研究課題/領域番号 |
23K21693
|
補助金の研究課題番号 |
21H03492 (2021-2023)
|
研究種目 |
基盤研究(B)
|
配分区分 | 基金 (2024) 補助金 (2021-2023) |
応募区分 | 一般 |
審査区分 |
小区分61030:知能情報学関連
|
研究機関 | 東京大学 |
研究代表者 |
船水 章大 東京大学, 定量生命科学研究所, 講師 (20724397)
|
研究期間 (年度) |
2021-04-01 – 2026-03-31
|
研究課題ステータス |
交付 (2024年度)
|
配分額 *注記 |
17,160千円 (直接経費: 13,200千円、間接経費: 3,960千円)
2025年度: 3,250千円 (直接経費: 2,500千円、間接経費: 750千円)
2024年度: 3,250千円 (直接経費: 2,500千円、間接経費: 750千円)
2023年度: 2,990千円 (直接経費: 2,300千円、間接経費: 690千円)
2022年度: 2,730千円 (直接経費: 2,100千円、間接経費: 630千円)

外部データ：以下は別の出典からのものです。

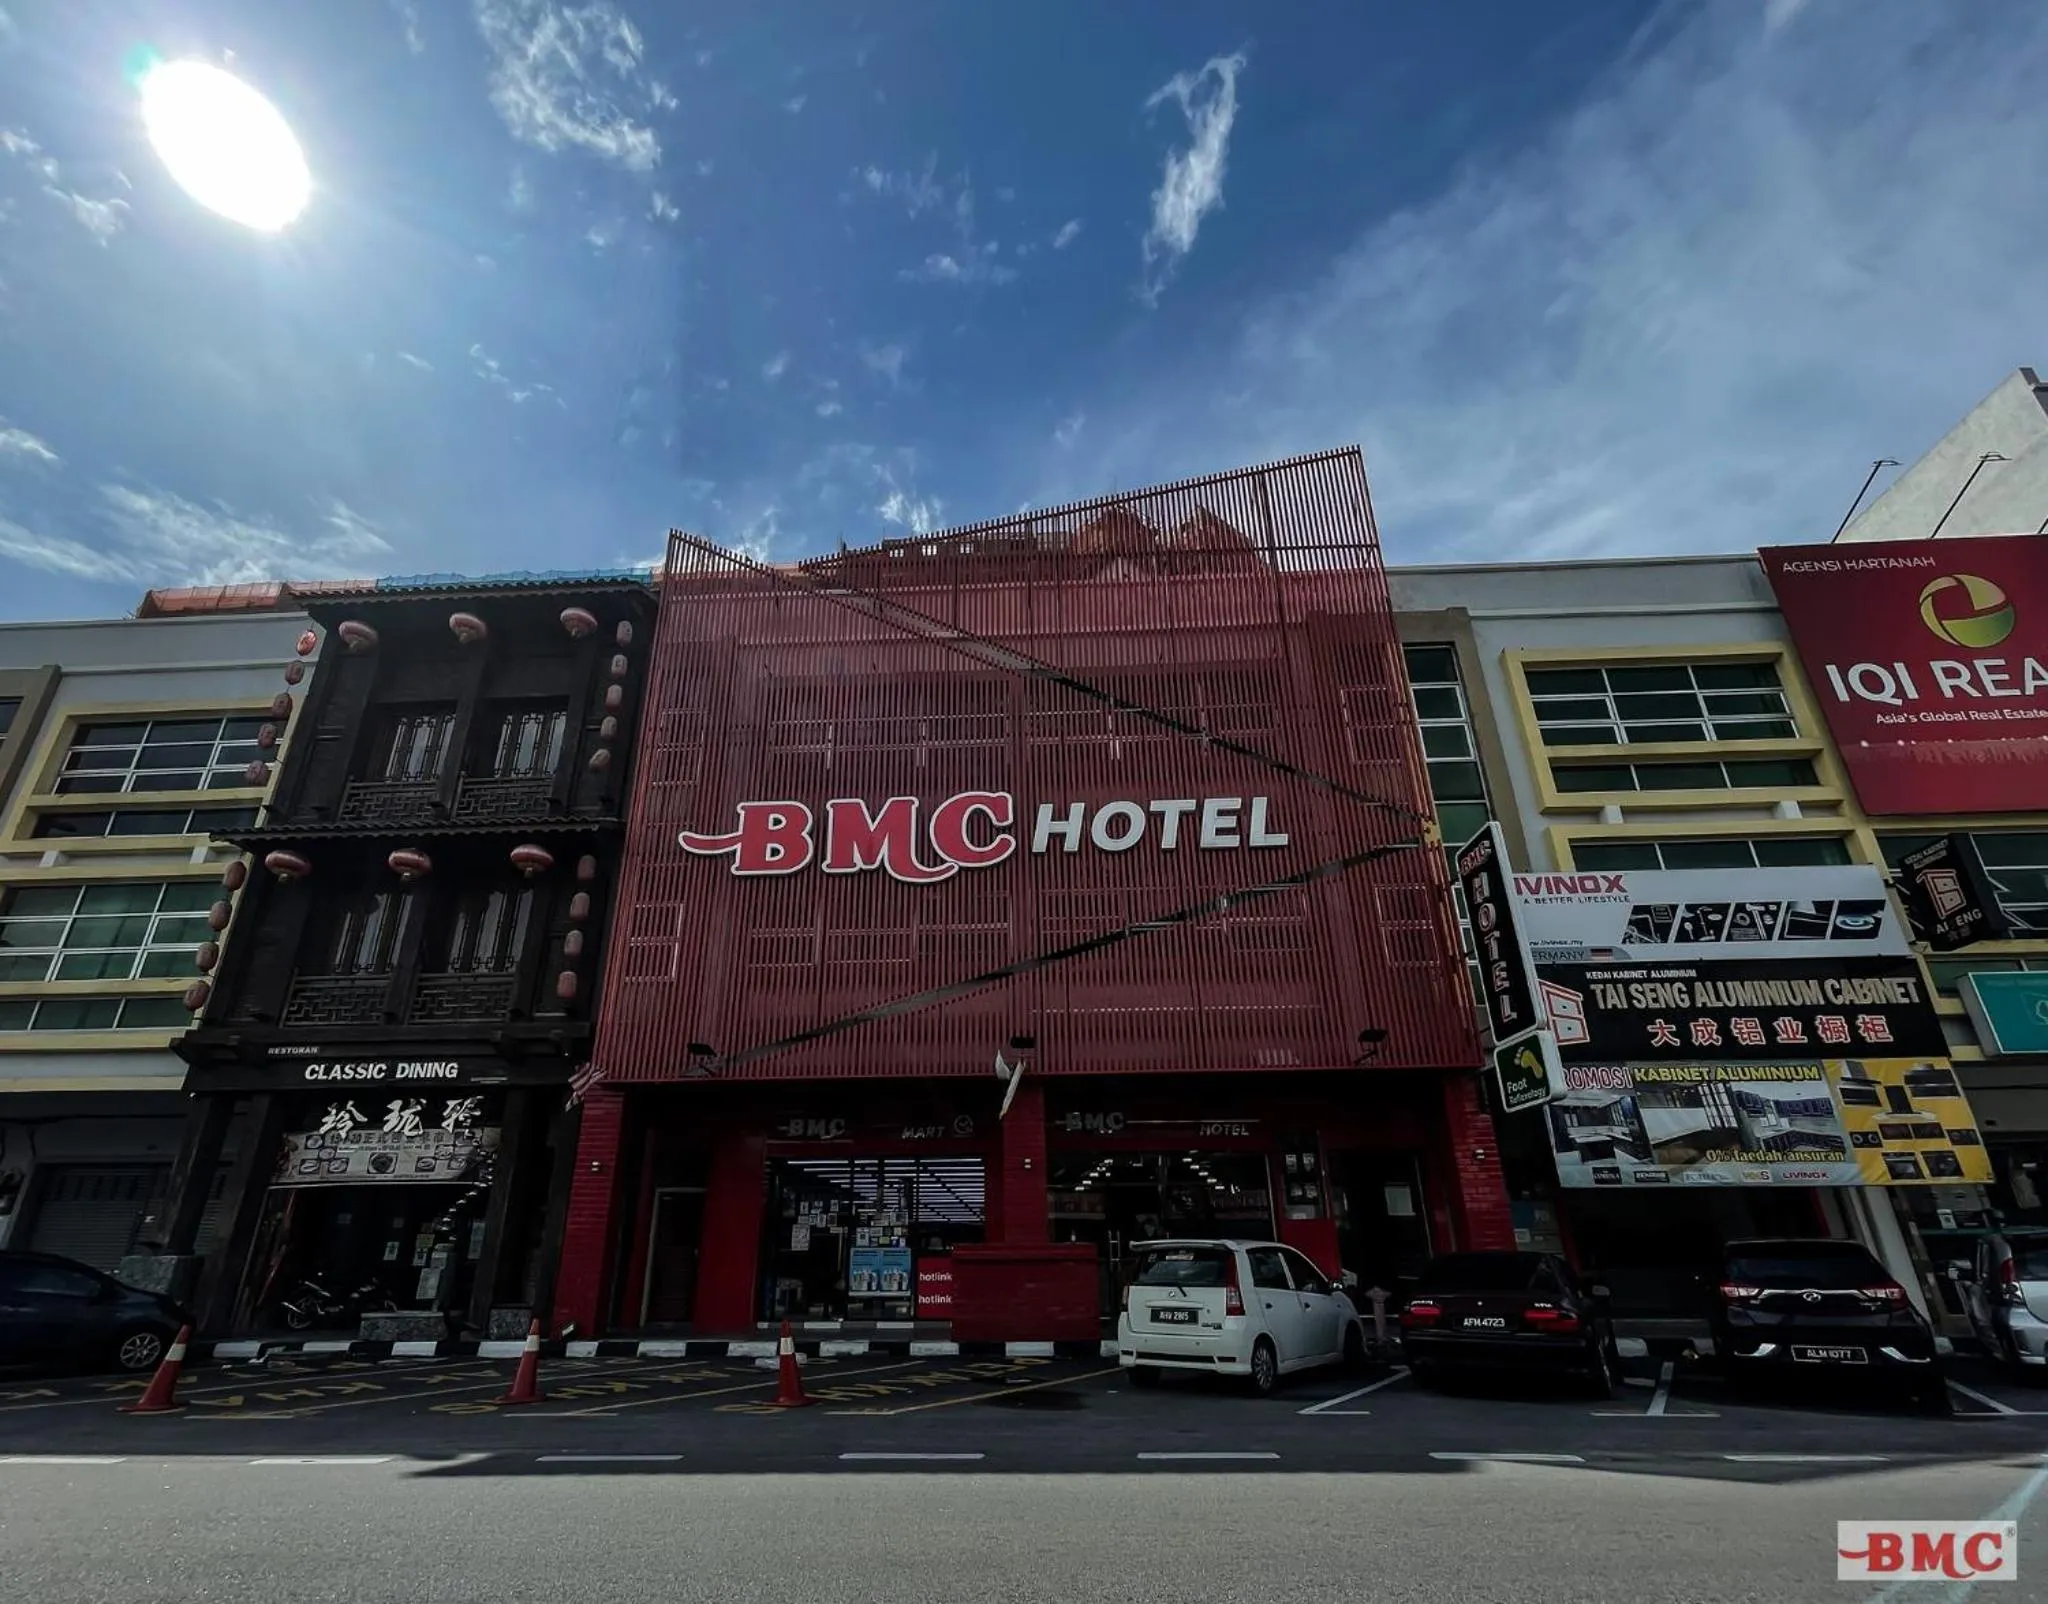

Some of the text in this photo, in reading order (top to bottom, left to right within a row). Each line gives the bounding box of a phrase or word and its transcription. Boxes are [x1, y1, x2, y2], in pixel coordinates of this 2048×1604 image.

[1782, 556, 1936, 573] AGENSI HARTANAH
[1825, 661, 1920, 706] IQI
[1876, 712, 1918, 725] Asia's
[1920, 710, 1967, 724] Global
[1970, 709, 2002, 721] Real
[678, 791, 1289, 883] BMC HOTEL
[1459, 839, 1492, 874] BMC
[1513, 874, 1628, 896] IVINOX
[1579, 895, 1630, 903] LIFESTYLE
[1471, 871, 1518, 1024] HOTEL
[1531, 951, 1584, 960] ERMANY
[1585, 969, 1697, 980] KEDAI KABINET ALUMINIUM
[1589, 976, 1920, 1010] TAI SENG ALUMINIUM CABINET
[1646, 1013, 1894, 1047] 大成铝业橱柜
[304, 1062, 459, 1080] CLASSIC DINING
[1561, 1065, 1820, 1089] ROMOSI KABINET ALUMINIUM
[1507, 1077, 1528, 1094] Foot
[777, 1116, 846, 1140] BMC
[1200, 1124, 1249, 1137] HOTEL
[1785, 1150, 1844, 1163] ansuran
[919, 1272, 952, 1281] hotlink
[918, 1295, 952, 1304] hotlink

2021年度: 4,940千円 (直接経費: 3,800千円、間接経費: 1,140千円)
|
キーワード | 強化学習 / 知覚意思決定 / 光遺伝学 / イメージング / マウス / 習慣行動 / 目的志向行動 / 神経活動計測 / 行動戦略 |
研究開始時の研究の概要 |
ヒトや動物は,ひとつの状況に対しても複数の行動戦略を用意し,その戦略を使い分ける.本研究は,戦略切り替えの神経回路基盤を,機械学習と神経科学を統合した学際的手法で解明する.具体的には,マウスの行動実験や神経活動操作と計測,AIによる行動モデル化を用いる.本研究の達成は,脳の柔軟な適応行動の神経基盤解明につながる.将来は,柔軟な行動選択が阻害される精神疾患の基礎的理解や,脳型人工知能の構築に貢献する. (研究の概要は、前年度から変更ありません)
|
研究実績の概要 |
ヒトや動物は,ひとつの状況に対して複数の行動戦略を用意し,その戦略を使い分ける.本研究は,戦略切り替えの神経回路基盤を,神経科学と機械学習を統合した学際的手法で解明する.具体的には,マウスの行動実験と行動モデル化,マウスの神経活動計測と操作を用いる.次年度は,まず,初年度に構築したマウスの行動課題を継続して実施した.行動課題は,音周波数の遷移確率pを操作することで,習慣行動・目的志向行動を分離できる.本研究では,p=0.8に設定した切り替え条件とp=0.2の連続条件を,別々の野生型マウスで実施した.次に,合計12匹のマウス (4匹の連続条件,8匹の切り替え条件) で,大脳新皮質の前頭葉・頭頂葉・聴覚野の神経活動を大規模計測した.これまでに,2万細胞以上の神経活動を計測した.予備的な解析の結果,前頭葉だけでなく,頭頂葉や聴覚野でも,習慣行動・目的志向行動の両行動に相関する神経活動を発見した.今後,詳細な神経活動解析を実施する.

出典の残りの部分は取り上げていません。